Это внятно прописал Николай Лесков, которого не услышали: «Стало быть, что же делать? По идее г. Чернышевского, освободиться от природного эписиерства[299], откинуть узкие теории, не дающие никому счастья, и посвятить себя труду на основаниях, представляющих возможно более гармонии, в ровном интересе всех лиц трудящихся. Г-н Чернышевский, как нигилист, и, судя по его роману, нигилист-постепеновец, не навязывает здесь ни одной из теорий. <…> Где же тут Марат верхом на Пугачёве? Где тут утопист Томас Мор? <…> г. Чернышевский заставляет делать такое дело, которое можно сделать во всяком благоустроенном государстве, от Кореи до Лиссабона. Нужно только для этого добрых людей, каких вывел г. Чернышевский, а их, признаться сказать, очень мало»[300]. Или не захотели услышать. Миф о Чернышевском-Марате уже насаждался. Лесков пытался этот миф опровергнуть. Герцен искал виноватых, всех виноватил. Чернышевский всех прощал, виноватых не видел. Поэтому хотел просто понять, что делать. Он хотел в крепостной стране ввести освобождающие человека буржуазные структуры. Слова «что делать» не привыкшая к труду русская молодежь поняла как призыв к действию, то есть к революционному действию – стрелять и взрывать.

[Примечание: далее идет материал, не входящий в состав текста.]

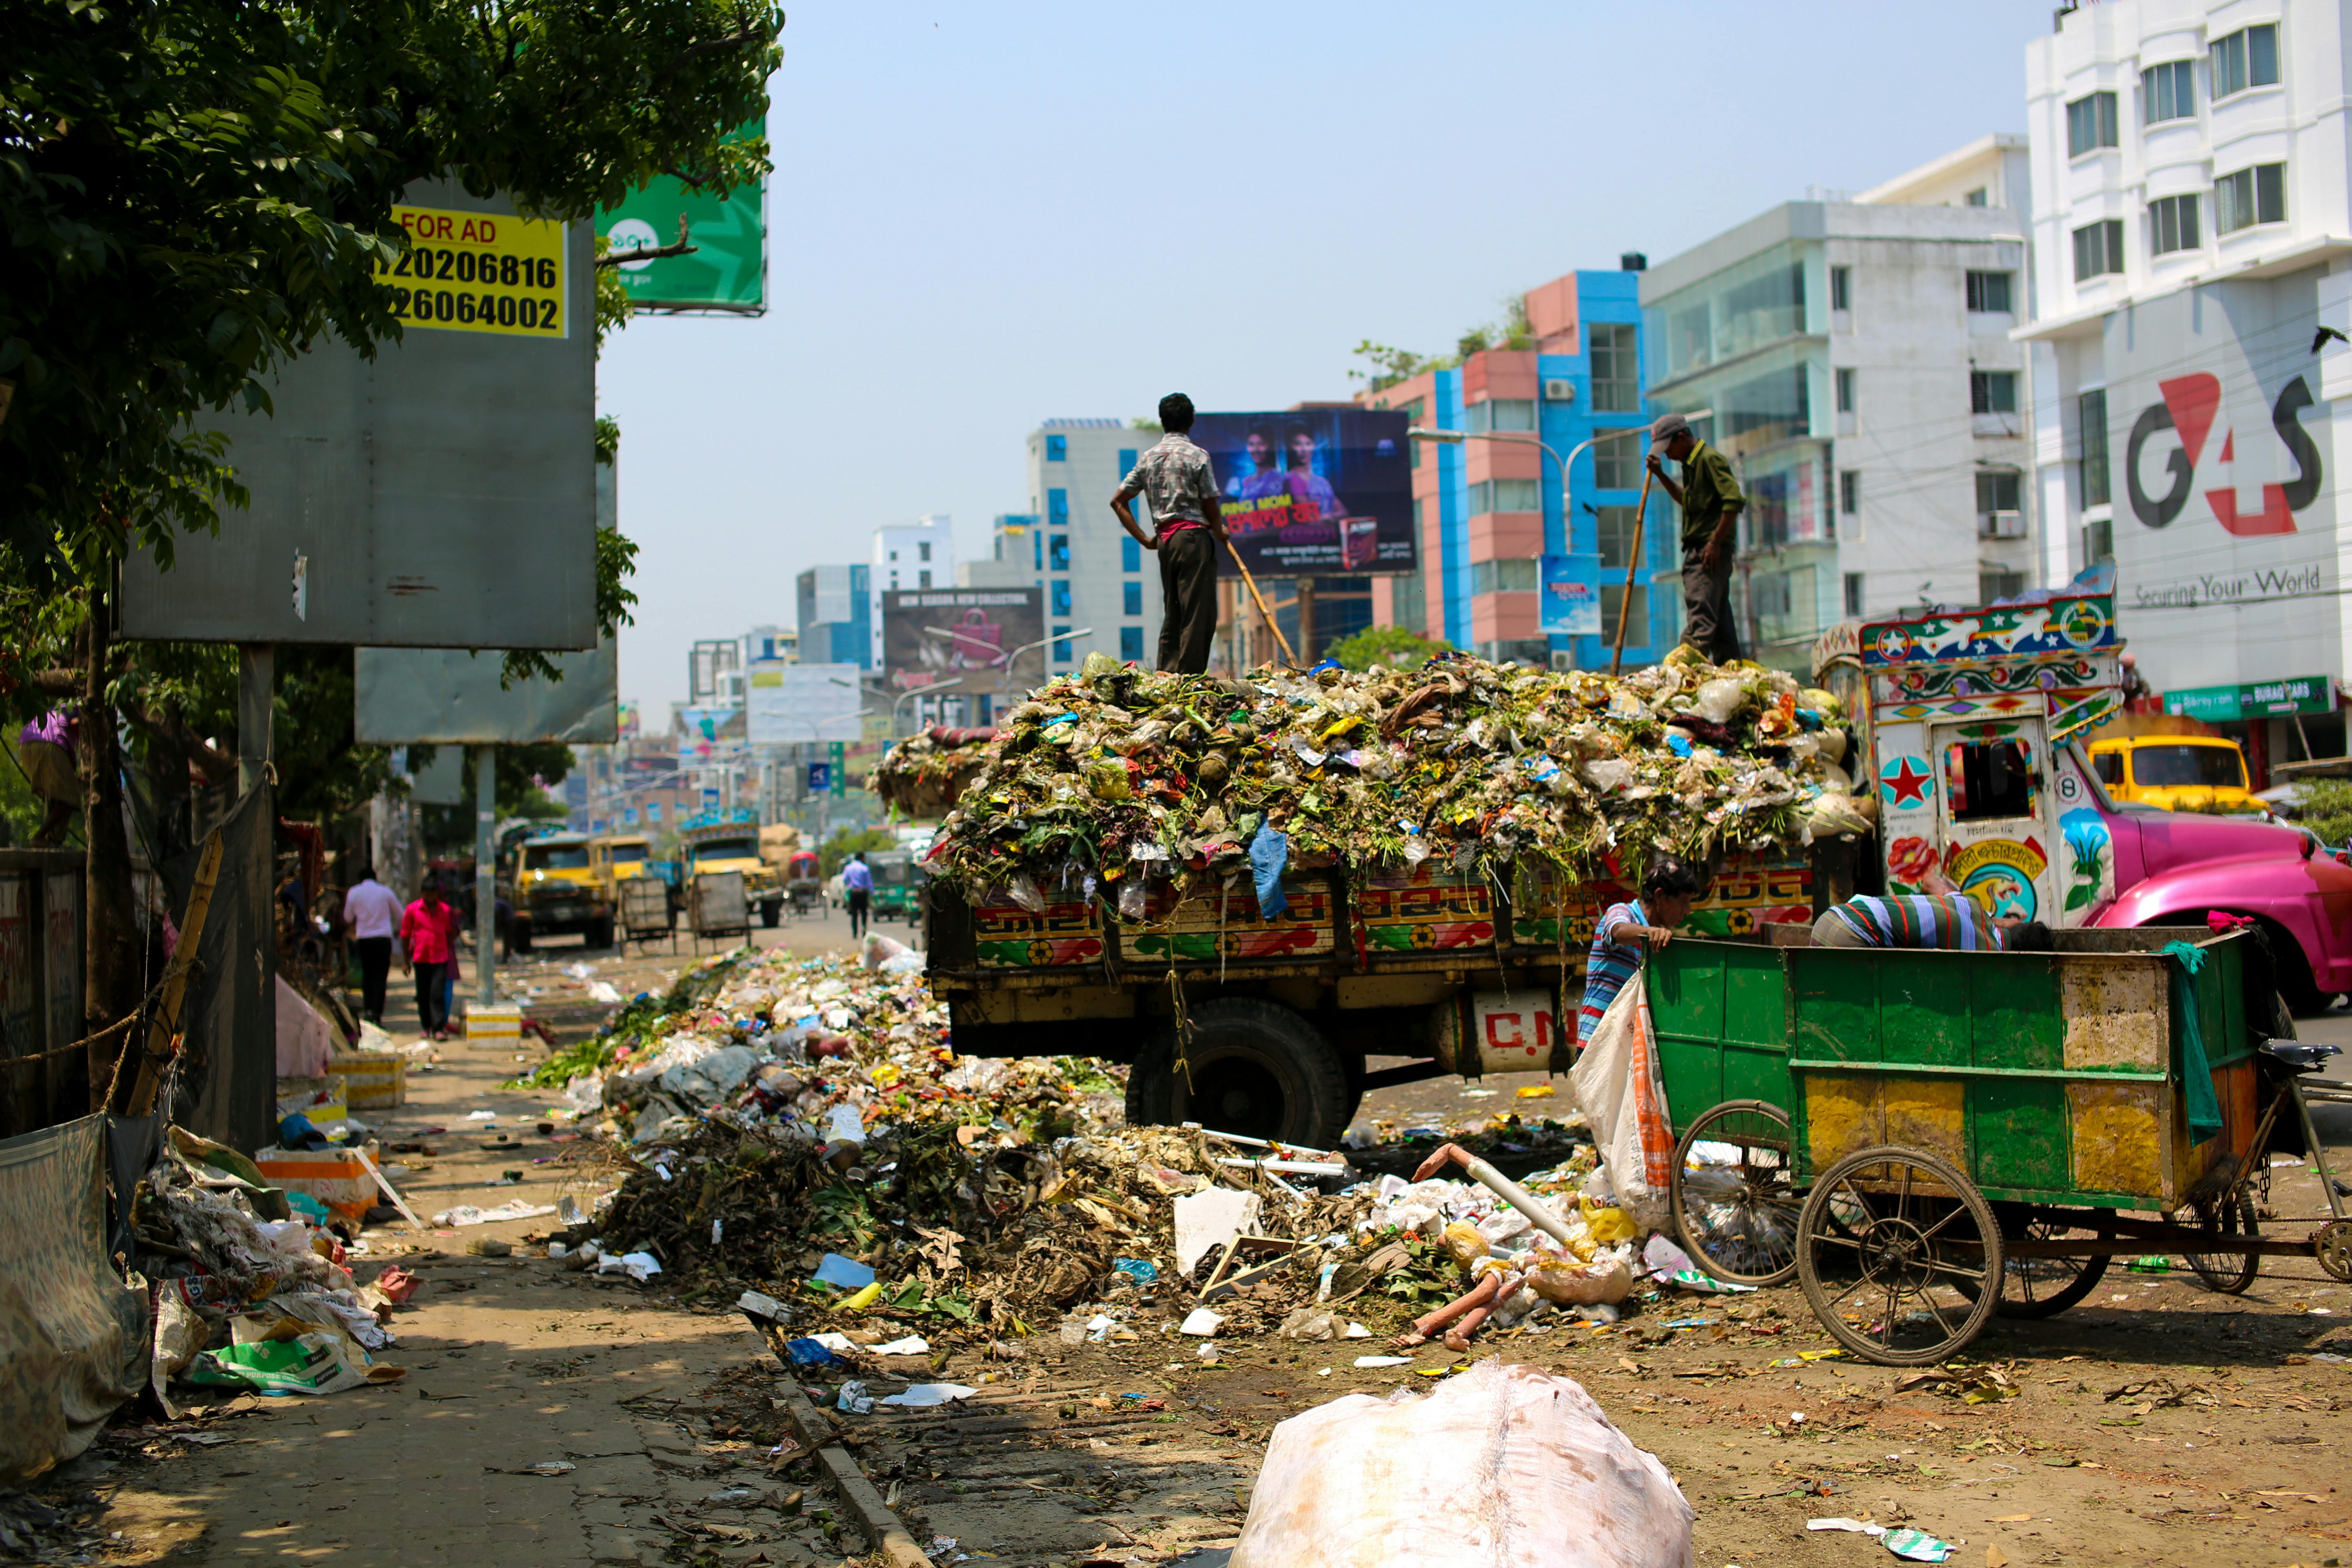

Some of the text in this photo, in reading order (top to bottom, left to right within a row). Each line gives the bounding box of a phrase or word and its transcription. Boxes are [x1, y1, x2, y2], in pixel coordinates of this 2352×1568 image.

[402, 213, 496, 243] FOR AD
[2126, 370, 2323, 539] G4S
[2199, 574, 2248, 599] Your
[2254, 564, 2320, 594] World
[246, 1371, 281, 1380] PURPOSE

Отдельная, конечно, тема – четвертый сон Веры Павловны, который все упорно (если не сказать, – тупо) именуют коммунистической утопией, хотя она не более чем парафраз шиллеровских стихов, а также в духе Гёте и немецких романтиков представление о смене эпох. Не случайно в самом начале этого сна он приводит цитаты из «Майской песни» Гёте и шиллеровского стихотворения «Четыре века» («Die vier Weltalter»). Эти смены эпох, которые отписывает Вере Павловне царица (тоже образ из западноевропейской литературы), можно соотнести с поисками Фаустом счастливого хронотопа, да не забыть, что женщину ведет женщина, в чем явный отголосок гётевской темы Ewig Weibliche (вечной женственности). Более того, романтическое начало ясно из возникающей неожиданно в этом сне темы двойничества. «– “Да, – говорит царица, – ты хотела знать, кто я, ты узнала. Ты хотела узнать мое имя, у меня нет имени, отдельного от той, которой являюсь я, мое имя – ее имя; ты видела, кто я. Нет ничего выше человека, нет ничего выше женщины. Я та, которой являюсь я, которая любит, которая любима”. Да, Вера Павловна видела: это она сама, это она сама, но богиня. Лицо богини ее самой лицо, это ее живое лицо, черты которого так далеки от совершенства, прекраснее которого видит она каждый день не одно лицо; это ее лицо, озаренное сиянием любви, прекраснее всех идеалов, завещанных нам скульпторами древности и великими живописцами великого века живописи, да, это она сама, но озаренная сиянием любви, она, прекраснее которой есть сотни лиц в Петербурге, таком бедном красотою, она прекраснее Афродиты Луврской, прекраснее доселе известных красавиц».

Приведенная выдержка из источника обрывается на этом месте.